China-Besuch von Kanzlerin Merkel:Mission einer Handlungsreisenden

"Eine fast perfekte Symbiose": Die wirtschaftlichen Beziehungen sind so gut wie nie, doch Bundes- und Volksrepublik verbindet inzwischen mehr als nur eine lukrative Geschäftsbeziehung. Bei ihrem Besuch in Peking steht Kanzlerin Merkel dennoch vor einer schweren Herausforderung. Sie soll mit der deutschen Stärke um Vertrauen für den Euro werben, darf aber auch die Menschenrechtsverletzungen nicht vergessen.

Daniel Brössler

Als Chinas Ministerpräsident Wen Jiabao im April zur Eröffnung der Hannover-Messe kam, überraschte er Bundeskanzlerin Angela Merkel mit einem Anliegen. Ob man die zweiten deutsch-chinesischen Regierungskonsultationen nicht vorverlegen wolle, schlug er vor. Bei den ersten dieser Konsultationen Ende Juni 2011 in Berlin hatten beide Seiten einen zweijährigen Turnus vereinbart. Demnach stünde das nächste Treffen erst im Sommer 2013 auf dem Kalender. Wen aber wollte die gemeinsame Kabinettssitzung noch einmal vor dem im Oktober in Peking anstehenden Führungswechsel durchführen. Ihm sei, so ist zu hören, dieser Dialog ein "Herzensanliegen". Ähnliches gilt für Merkel. Mit nur drei Staaten hat sie während ihrer Kanzlerschaft Konsultationen begründet: mit Israel, mit Indien und eben mit China.
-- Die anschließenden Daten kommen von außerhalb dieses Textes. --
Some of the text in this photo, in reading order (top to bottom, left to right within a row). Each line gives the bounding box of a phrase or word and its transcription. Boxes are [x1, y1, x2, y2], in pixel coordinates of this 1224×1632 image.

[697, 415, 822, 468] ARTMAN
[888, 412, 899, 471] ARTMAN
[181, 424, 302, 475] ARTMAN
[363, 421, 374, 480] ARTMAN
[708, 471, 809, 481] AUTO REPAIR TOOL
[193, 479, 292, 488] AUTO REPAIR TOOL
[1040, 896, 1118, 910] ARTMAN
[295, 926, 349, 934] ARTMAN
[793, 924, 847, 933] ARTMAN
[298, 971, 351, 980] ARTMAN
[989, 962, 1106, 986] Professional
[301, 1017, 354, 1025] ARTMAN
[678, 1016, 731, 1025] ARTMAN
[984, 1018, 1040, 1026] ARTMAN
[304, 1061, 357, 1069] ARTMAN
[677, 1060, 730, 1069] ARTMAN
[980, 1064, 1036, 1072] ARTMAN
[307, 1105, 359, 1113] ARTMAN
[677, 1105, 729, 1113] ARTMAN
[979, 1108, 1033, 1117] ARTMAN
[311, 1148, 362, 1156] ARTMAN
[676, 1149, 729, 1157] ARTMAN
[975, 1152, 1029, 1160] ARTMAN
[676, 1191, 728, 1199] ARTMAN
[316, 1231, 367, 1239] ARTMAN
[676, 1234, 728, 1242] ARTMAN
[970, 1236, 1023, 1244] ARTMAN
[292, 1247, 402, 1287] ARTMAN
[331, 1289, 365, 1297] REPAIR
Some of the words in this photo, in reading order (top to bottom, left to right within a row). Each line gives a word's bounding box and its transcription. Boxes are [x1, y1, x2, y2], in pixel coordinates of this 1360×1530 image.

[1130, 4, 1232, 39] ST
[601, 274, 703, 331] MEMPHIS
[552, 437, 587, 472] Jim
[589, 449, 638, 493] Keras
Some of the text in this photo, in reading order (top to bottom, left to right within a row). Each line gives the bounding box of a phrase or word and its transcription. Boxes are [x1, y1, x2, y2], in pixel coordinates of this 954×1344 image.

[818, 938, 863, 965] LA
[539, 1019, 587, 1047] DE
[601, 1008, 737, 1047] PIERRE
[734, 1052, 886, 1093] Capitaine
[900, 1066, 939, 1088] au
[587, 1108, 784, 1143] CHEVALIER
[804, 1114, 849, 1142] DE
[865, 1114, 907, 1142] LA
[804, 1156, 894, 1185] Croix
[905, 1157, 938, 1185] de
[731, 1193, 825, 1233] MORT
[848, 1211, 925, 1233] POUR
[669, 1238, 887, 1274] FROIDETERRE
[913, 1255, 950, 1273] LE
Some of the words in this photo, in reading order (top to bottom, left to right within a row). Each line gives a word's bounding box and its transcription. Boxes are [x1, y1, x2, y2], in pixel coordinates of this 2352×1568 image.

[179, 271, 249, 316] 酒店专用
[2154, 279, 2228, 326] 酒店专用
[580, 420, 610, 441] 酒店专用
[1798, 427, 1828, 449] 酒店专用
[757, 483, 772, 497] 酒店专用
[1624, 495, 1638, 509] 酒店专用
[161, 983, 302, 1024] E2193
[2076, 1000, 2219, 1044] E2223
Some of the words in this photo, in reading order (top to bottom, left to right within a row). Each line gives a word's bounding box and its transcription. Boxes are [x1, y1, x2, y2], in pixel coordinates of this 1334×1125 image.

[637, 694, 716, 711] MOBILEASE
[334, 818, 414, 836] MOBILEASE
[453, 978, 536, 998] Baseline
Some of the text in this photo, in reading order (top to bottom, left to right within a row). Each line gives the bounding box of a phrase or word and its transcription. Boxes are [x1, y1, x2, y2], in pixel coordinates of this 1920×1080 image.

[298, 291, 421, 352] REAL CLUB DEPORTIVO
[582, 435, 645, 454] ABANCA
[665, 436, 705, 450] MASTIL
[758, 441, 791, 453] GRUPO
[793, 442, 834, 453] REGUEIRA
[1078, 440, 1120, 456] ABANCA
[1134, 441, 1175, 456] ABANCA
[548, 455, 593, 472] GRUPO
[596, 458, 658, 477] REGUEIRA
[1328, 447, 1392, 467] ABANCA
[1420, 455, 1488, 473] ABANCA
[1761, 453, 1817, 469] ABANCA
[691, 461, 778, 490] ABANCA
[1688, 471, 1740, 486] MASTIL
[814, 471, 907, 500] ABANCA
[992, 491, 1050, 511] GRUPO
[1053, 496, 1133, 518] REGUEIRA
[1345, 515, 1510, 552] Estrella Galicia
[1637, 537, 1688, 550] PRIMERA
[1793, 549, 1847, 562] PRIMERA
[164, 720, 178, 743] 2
Merkel auf einem Magazin-Cover in China

China ist einer von nur drei Staaten, mit denen Angela Merkel während ihrer Kanzlerschaft Konsultationen begründet hat.

(Foto: dpa)

Wenn Merkel am Mittwoch mit sieben Ministern und einer Wirtschaftsdelegation Richtung Peking aufbricht, so ist es die Reise zu einem Partner, der in den vergangen Jahren wie kaum ein zweiter an Bedeutung gewonnen hat. 2011 erreichte der deutsch-chinesische Handel ein Volumen von knapp 144 Milliarden Euro. Seit 2001 ist er damit um 430 Prozent gewachsen. Nach Angaben des Bundeswirtschaftsministeriums war China 2011 das fünftwichtigste Exportziel Deutschlands und sein zweitwichtigster Lieferant. Nach Informationen der Nachrichtenagentur Reuters hofft der Luftfahrtkonzern EADS während des Besuchs auf die Bestellung von bis zu 100 Airbus-Flugzeugen des Typs A 320 durch chinesische Airlines.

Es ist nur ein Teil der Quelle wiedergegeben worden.